Feelings of honest, natural sound were seconded by listens to a duet between harpist Andrew Lawrence-King and Savall on the gamba, and to an 88.2/24 track from San Francisco Symphony's commercial recording of Mahler's great Symphony 5. Save for a little splatter on cymbals, which could have been due to any number of factors, the sound was superb.

Playing some of my trusted demo tracks, the beginning of Ivan Fischer's recording of Mahler's Symphony 2, an R2D4 disc for Stereophile, was thrilling. The violins sounded superb, with no trace of bright or brittle edge; the simultaneous wallops to timpani and bass drum were tremendous in their impact and remarkably controlled; and the bottom octave of the music came through with a clarity I seldom encounter at demos in stores or at shows. (The Sophia 3s extend in-room down to 20Hz (–3dB) and up to 22.5kHz).
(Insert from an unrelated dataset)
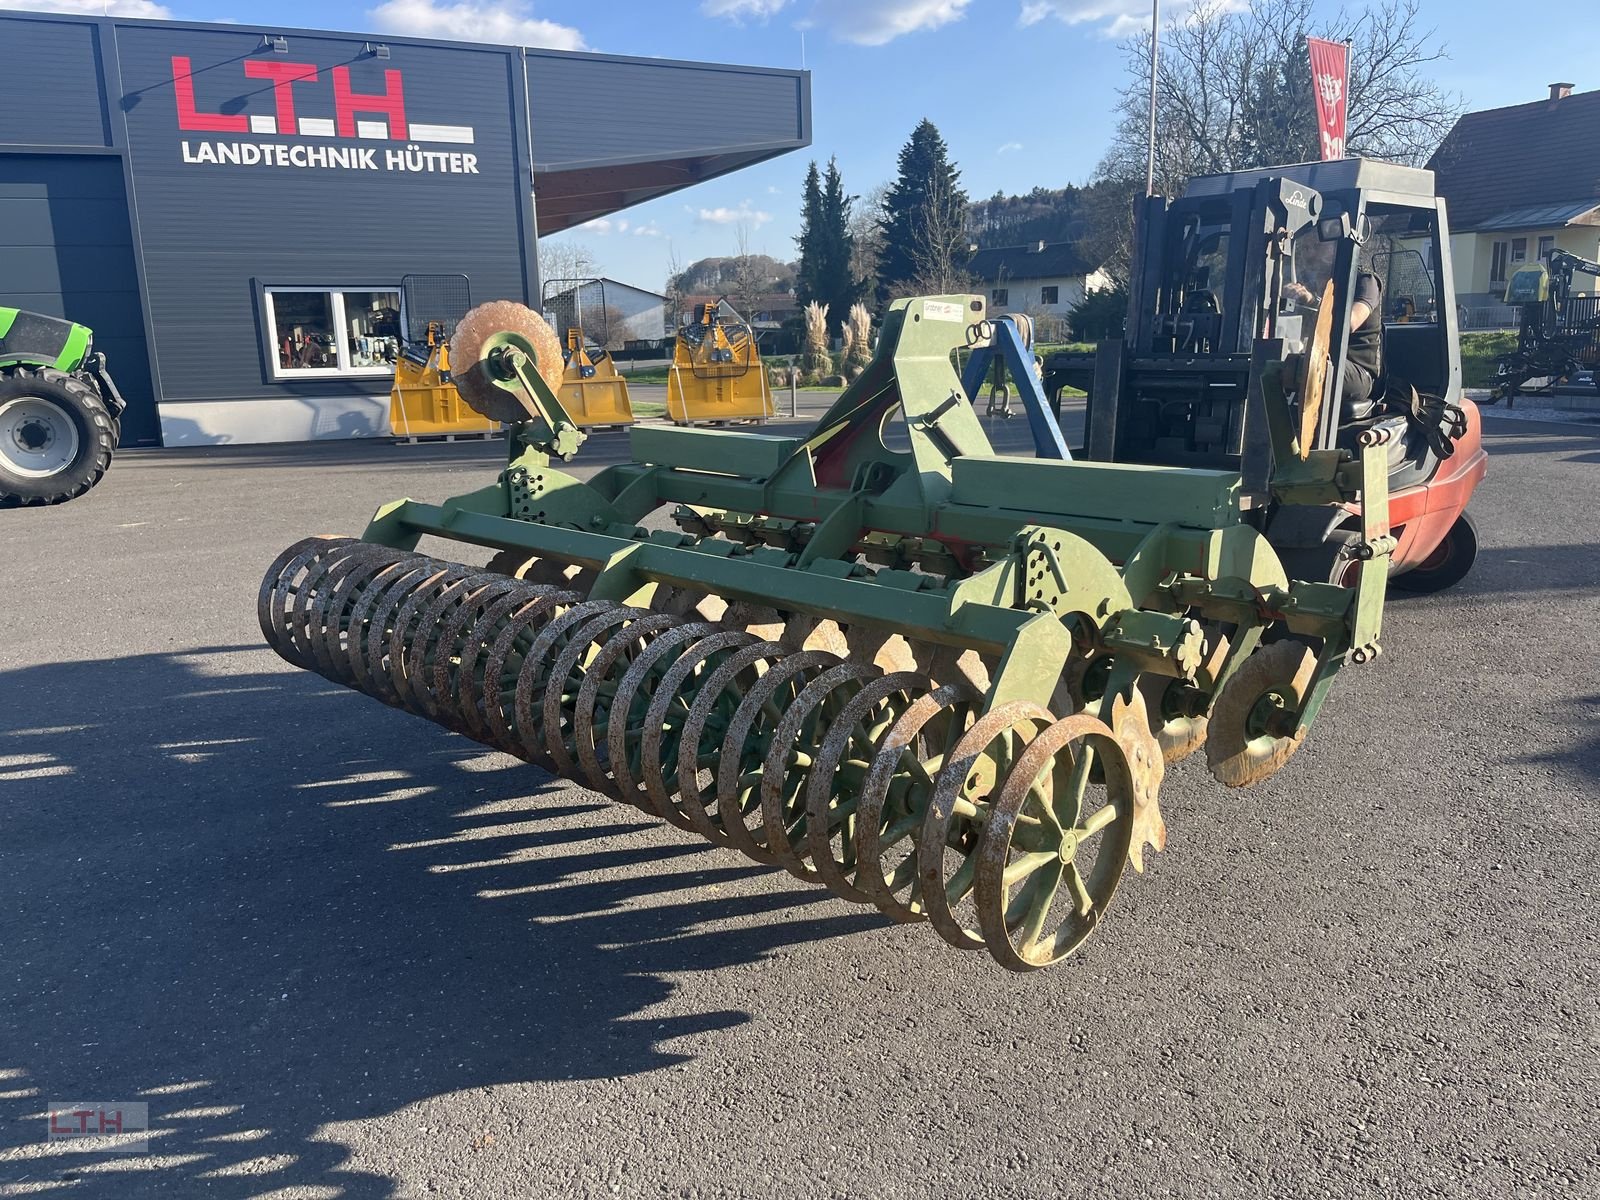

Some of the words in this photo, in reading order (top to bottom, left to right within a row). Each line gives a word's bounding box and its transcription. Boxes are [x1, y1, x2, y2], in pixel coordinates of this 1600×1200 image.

Any notion that VTL's MB-185 Series III monoblocks might be slow on the draw or lacking in dynamism was shattered.

Equally impressive was a prime recording of soprano Elly Ameling singing Schubert. (McGrath is an admirer of the miking techniques Philips was using in the 1970s.) I've played this recording on dozens of systems, but few have nailed the warm tonalities of the piano and its inner voices, as well as the radiant but never sharp edge of Ameling's voice so perfectly. No wonder McGrath and Manley wanted to share the sound of the Sophia 3s and MB-185 Series IIIs with audiophiles who couldn't make it to Montreal.

The Duette
In Music Lovers' tiered Theater System room, the Wilson Audio Duette loudspeakers ($13,900/pair) were producing gorgeous tonalities through the VTL IT85 integrated amplifier see in the rack ($4750) and TP-2.5 Series 2 phono stage ($2500). The 60Wpc amplifier couldn't produce the same thrilling dynamic contrast as the more powerful MB-185 Series III monoblocks, nor was the bass as tight in a far more difficult to control room, but the system certainly made music. Sources were the Clearaudio Concept turntable w/Concept moving-coil cartridge ($2000), another Macbook Pro running Amarra 2.4 ($189), Sony SA5400 ES SACD/CD player ($1500), and Ayre QB-9 USB DAC ($2750). With the exception of Transparent Reference speaker cables ($8575/pair), all cabling and power treatment was from Synergistic Research.